Records from a data collection:
● ● ● ● ●
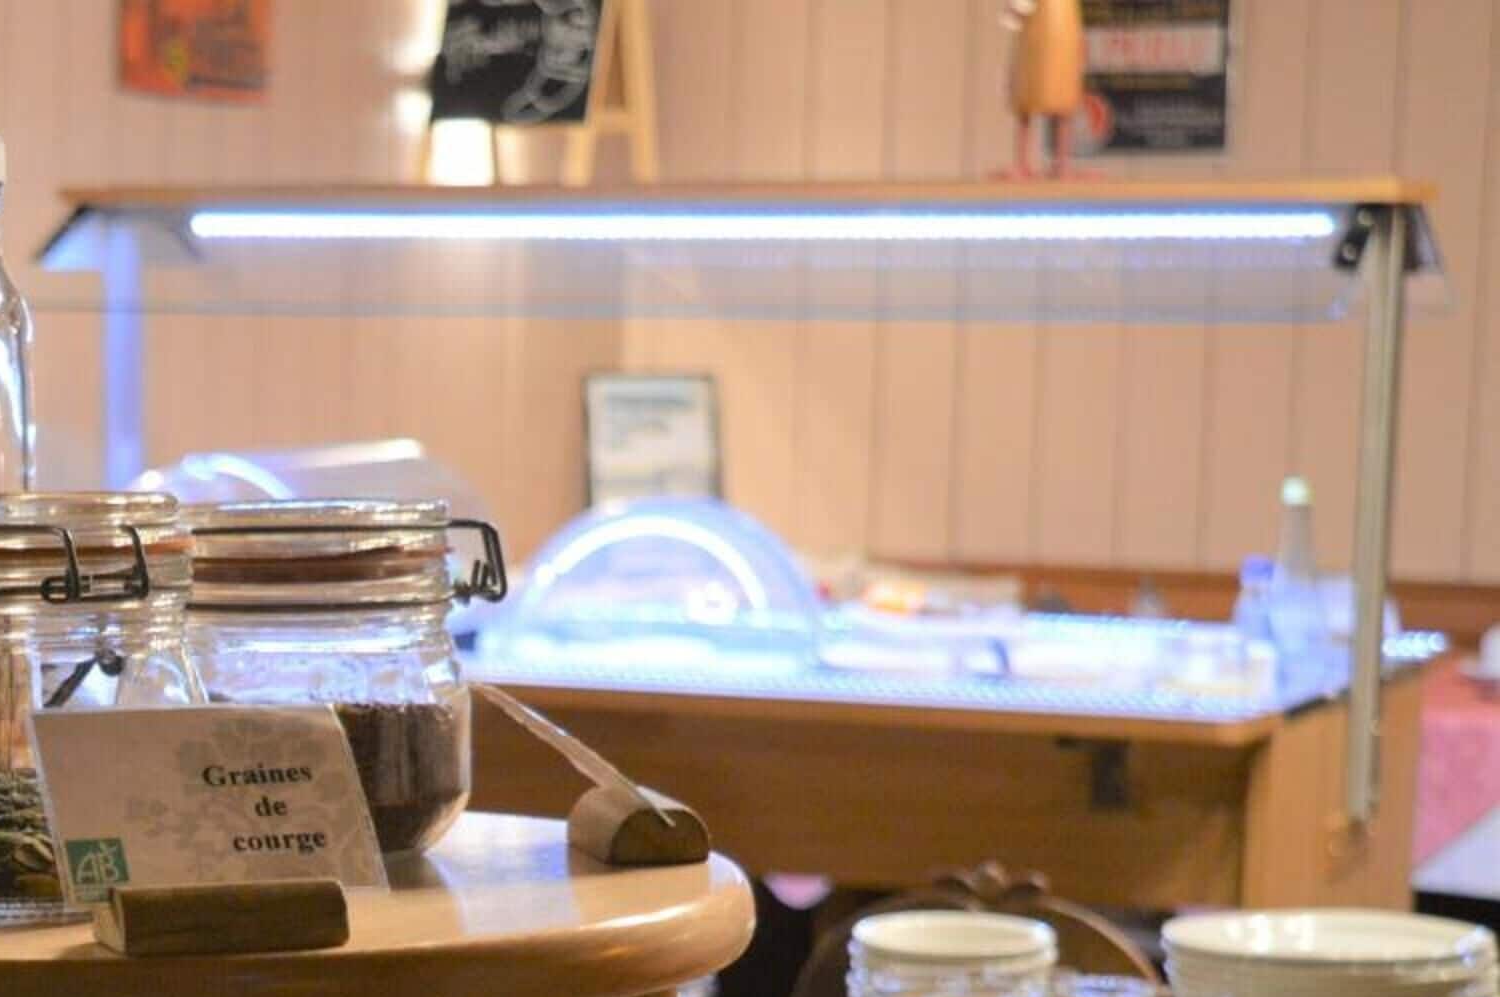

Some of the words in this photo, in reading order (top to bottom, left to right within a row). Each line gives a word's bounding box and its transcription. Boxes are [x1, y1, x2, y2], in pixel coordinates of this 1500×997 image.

[202, 763, 313, 786] Graines
[255, 796, 288, 816] de
[233, 832, 325, 853] courge
[76, 852, 118, 883] AB
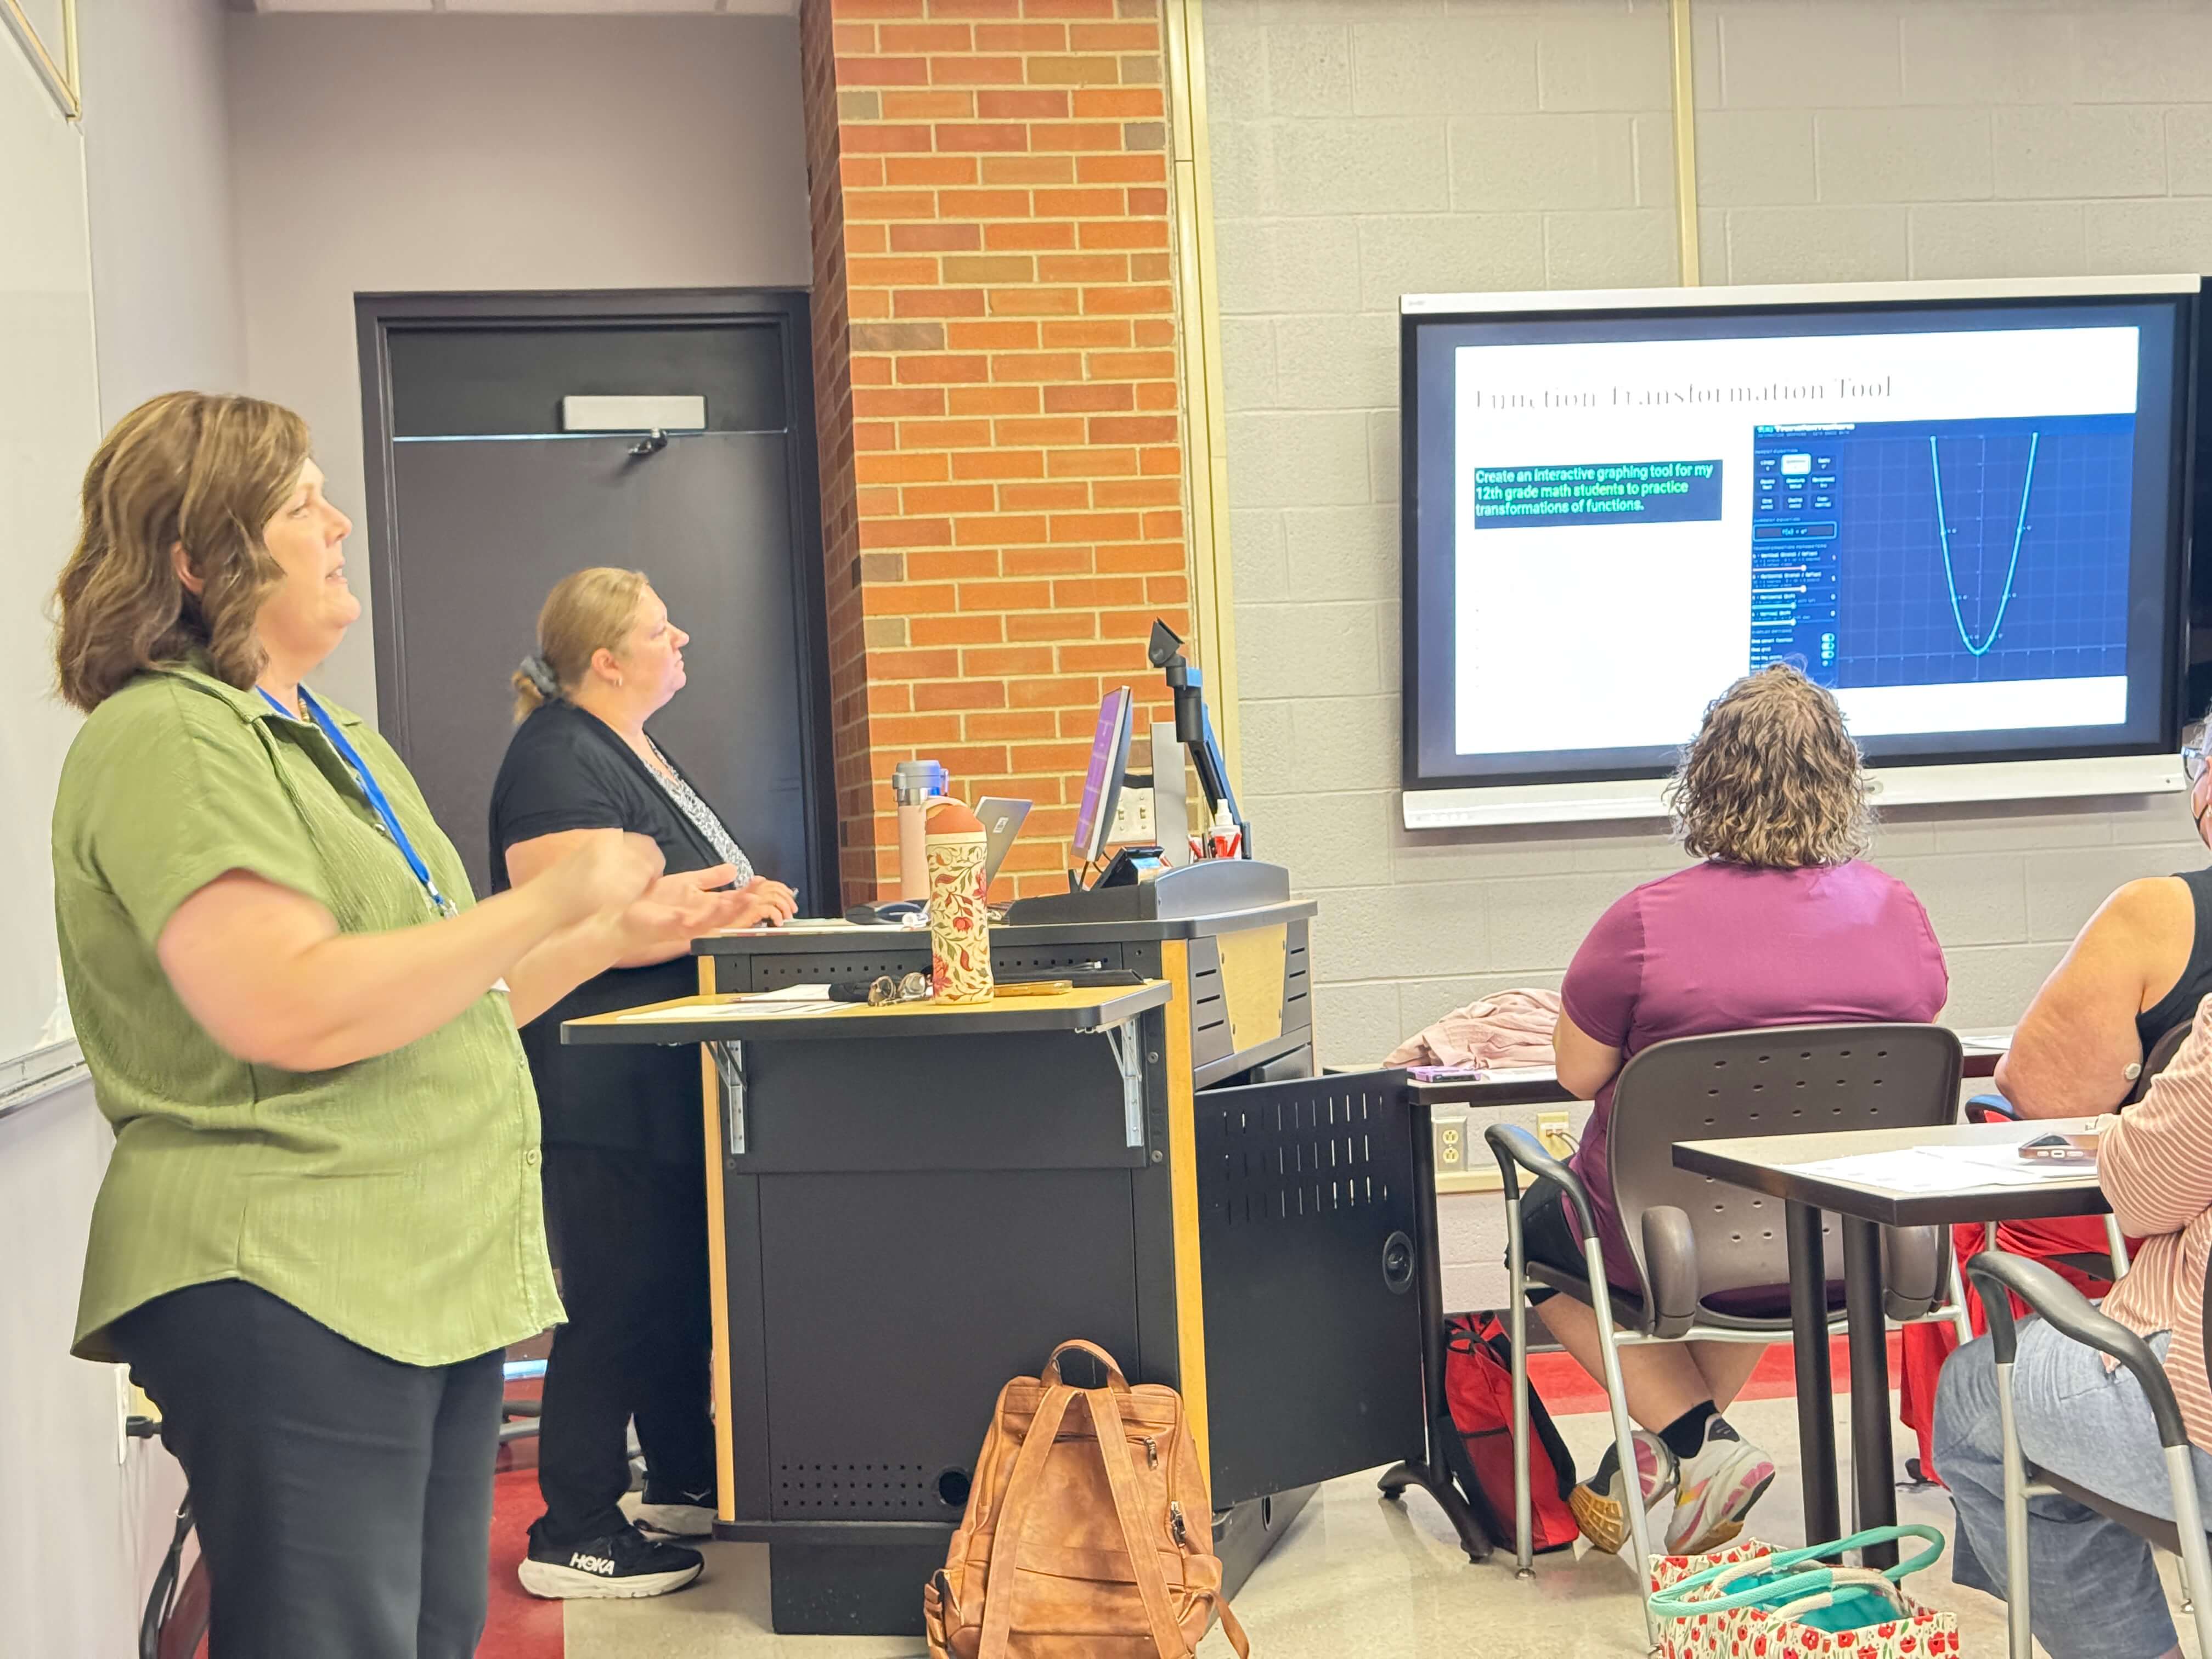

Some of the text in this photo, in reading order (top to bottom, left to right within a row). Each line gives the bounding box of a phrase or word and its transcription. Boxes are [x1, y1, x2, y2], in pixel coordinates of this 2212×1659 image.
● ● ● ● ●
### Assignment
Your output should be the full set of entries above, restated word for word and free of pictures.

### Response to this task
Some of the words in this photo, in reading order (top to bottom, left to right within a row). Each line gives a word's bounding box and its transcription. Boxes are [x1, y1, x2, y2], in pixel coordinates of this 1500×997 image.

[202, 763, 313, 786] Graines
[255, 796, 288, 816] de
[233, 832, 325, 853] courge
[76, 852, 118, 883] AB

Some of the text in this photo, in reading order (top to bottom, left to right within a row). Each line gives the bounding box of a phrase or word and its transcription. Boxes are [x1, y1, x2, y2], in pixel coordinates of this 2212×1659 image.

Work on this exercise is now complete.